- Colossians 3:13 (TLB)
You
may have heard about the “Let Them Theory,” or seen the phrase on popular
tattoos and T-shirts. "Let Them" is a mindset tool that encourages us
to accept what we can’t control, especially in how we react to situations. It’s
not about ignoring problems or people, but about acknowledging reality and
choosing to respond with self-control. The theory is about reclaiming your
power by focusing on what you can control—your own mindset and actions. Some
versions also include a complementary "Let Me," which emphasizes
focusing on your own choices and well-being, especially when you feel lonely or
when others aren’t reciprocating.
I’d
like to introduce another idea: “Forgive Them.” Forgiveness is difficult, but
scripture teaches that it’s something we must do. There are things I still
struggle to let go of because forgiveness feels impossible. Forgiving someone
for the hurt they caused doesn’t mean you have to be close to them again—some
people are toxic, and it’s okay not to keep them in your life. Some wounds are
deep, affecting us spiritually and emotionally.
I’d
like to think I’m a forgiving person, but I realize I may not be as forgiving
as I’d like to believe. I once heard a pastor say, “Forgiveness is when you no
longer wish ill against that person.” For some, I’m not sure I’m there yet;
some pain feels like a mountain to cross. True forgiveness means wanting good
for those who have hurt us.
I’ve
experienced this firsthand. I had a friend who, for reasons unknown, decided to
end our friendship. She avoids me, and it hurts. I’ve tried to talk to her, but
it’s uncomfortable. Another friend hurt me deeply, but instead of hiding, she
encourages open conversation as I work through forgiveness. It still hurts, but
the process is different.
Forgiveness
doesn’t mean you have to be close to those who hurt you again. Some people are
toxic, and it’s okay to keep your distance. Why is forgiveness so hard? Because
we’re not perfect. We need to forgive in order to heal, but it’s a challenge.

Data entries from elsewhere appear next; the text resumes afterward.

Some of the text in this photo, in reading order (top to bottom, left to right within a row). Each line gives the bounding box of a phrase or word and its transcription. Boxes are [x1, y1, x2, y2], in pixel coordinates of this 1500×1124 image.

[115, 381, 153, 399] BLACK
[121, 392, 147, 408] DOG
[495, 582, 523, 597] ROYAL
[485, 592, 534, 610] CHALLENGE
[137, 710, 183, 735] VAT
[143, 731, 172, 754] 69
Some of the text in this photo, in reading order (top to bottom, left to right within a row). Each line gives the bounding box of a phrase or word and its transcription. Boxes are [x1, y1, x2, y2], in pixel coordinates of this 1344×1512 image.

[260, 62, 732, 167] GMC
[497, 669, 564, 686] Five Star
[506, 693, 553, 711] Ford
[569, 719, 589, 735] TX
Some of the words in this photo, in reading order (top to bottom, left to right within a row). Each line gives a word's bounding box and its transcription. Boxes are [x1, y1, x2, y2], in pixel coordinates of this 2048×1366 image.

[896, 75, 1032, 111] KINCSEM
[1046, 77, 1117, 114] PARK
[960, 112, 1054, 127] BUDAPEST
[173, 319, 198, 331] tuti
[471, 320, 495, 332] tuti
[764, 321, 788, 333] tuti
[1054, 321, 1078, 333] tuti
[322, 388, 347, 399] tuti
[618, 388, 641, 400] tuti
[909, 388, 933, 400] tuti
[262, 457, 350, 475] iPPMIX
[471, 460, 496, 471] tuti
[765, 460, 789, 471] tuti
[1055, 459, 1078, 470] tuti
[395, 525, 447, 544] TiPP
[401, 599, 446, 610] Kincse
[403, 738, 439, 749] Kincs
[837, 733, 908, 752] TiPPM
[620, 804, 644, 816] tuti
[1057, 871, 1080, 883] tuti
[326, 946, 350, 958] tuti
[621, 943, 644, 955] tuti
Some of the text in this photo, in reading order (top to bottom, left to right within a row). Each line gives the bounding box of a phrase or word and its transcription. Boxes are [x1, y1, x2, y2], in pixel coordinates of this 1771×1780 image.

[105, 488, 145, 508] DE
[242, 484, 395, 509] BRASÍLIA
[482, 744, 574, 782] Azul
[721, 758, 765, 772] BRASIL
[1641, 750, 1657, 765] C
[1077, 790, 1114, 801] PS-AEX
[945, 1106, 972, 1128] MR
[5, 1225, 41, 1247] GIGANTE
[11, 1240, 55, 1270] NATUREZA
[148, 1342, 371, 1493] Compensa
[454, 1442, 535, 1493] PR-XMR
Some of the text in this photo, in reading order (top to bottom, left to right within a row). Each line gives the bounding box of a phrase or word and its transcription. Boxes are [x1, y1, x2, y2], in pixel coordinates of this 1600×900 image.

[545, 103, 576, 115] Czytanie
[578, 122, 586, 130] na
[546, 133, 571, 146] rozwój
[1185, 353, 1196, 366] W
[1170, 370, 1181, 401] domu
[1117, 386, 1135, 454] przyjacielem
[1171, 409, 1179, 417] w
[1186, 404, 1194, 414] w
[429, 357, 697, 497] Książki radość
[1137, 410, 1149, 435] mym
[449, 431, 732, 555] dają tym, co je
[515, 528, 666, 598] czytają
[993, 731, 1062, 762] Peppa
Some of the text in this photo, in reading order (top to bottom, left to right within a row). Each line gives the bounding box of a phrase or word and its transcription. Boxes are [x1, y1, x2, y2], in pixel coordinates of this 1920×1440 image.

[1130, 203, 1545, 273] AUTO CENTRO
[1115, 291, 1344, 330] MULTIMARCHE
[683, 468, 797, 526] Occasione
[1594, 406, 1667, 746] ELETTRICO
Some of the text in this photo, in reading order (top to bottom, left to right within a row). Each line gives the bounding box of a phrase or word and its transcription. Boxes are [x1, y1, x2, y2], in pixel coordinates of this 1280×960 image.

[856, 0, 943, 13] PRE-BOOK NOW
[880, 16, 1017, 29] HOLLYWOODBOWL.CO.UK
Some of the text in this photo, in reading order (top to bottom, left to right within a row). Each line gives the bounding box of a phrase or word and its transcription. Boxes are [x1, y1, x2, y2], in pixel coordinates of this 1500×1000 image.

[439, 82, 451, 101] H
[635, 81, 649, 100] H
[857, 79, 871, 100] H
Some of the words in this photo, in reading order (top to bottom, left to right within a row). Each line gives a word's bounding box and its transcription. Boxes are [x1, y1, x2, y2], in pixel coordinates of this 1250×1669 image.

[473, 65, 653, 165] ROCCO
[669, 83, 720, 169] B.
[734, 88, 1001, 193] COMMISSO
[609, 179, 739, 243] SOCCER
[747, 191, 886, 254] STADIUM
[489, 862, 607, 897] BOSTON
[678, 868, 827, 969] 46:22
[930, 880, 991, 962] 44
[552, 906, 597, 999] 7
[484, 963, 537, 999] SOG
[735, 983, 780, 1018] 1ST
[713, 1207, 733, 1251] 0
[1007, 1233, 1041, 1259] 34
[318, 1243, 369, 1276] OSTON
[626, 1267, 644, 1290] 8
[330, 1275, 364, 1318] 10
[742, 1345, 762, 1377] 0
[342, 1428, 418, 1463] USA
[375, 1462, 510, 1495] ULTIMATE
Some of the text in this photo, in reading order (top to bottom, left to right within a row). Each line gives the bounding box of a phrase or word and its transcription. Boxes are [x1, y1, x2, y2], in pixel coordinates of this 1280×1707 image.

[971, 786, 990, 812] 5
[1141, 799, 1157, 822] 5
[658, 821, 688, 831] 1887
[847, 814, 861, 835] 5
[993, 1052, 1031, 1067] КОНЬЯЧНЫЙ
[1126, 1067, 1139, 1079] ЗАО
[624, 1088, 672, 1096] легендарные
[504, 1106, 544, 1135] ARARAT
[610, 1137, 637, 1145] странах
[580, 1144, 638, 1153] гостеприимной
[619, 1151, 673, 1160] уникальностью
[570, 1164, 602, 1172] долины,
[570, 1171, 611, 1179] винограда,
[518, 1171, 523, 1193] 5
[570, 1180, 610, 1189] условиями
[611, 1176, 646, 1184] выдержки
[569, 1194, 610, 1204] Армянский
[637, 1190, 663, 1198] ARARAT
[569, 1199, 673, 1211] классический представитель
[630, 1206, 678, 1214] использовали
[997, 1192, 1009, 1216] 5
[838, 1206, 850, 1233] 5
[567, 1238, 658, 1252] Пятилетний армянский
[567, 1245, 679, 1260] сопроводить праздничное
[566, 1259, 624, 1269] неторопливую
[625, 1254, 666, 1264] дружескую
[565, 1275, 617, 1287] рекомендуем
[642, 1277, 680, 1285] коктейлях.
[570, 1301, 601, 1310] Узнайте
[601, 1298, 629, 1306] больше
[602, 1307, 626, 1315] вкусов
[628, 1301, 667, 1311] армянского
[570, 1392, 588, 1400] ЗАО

I’ve been told I can hold a grudge, and unfortunately, that’s true.
How
should we respond to the pain of offense? If our identity is rooted in the love
God has for us, we can reflect the nature of the Holy Spirit to others.
Forgiveness isn’t about showing our own goodness, but about recognizing our
daily need for Jesus. Holding grudges means we’ve forgotten our own need for
mercy. Ask God for help—He will be there for you.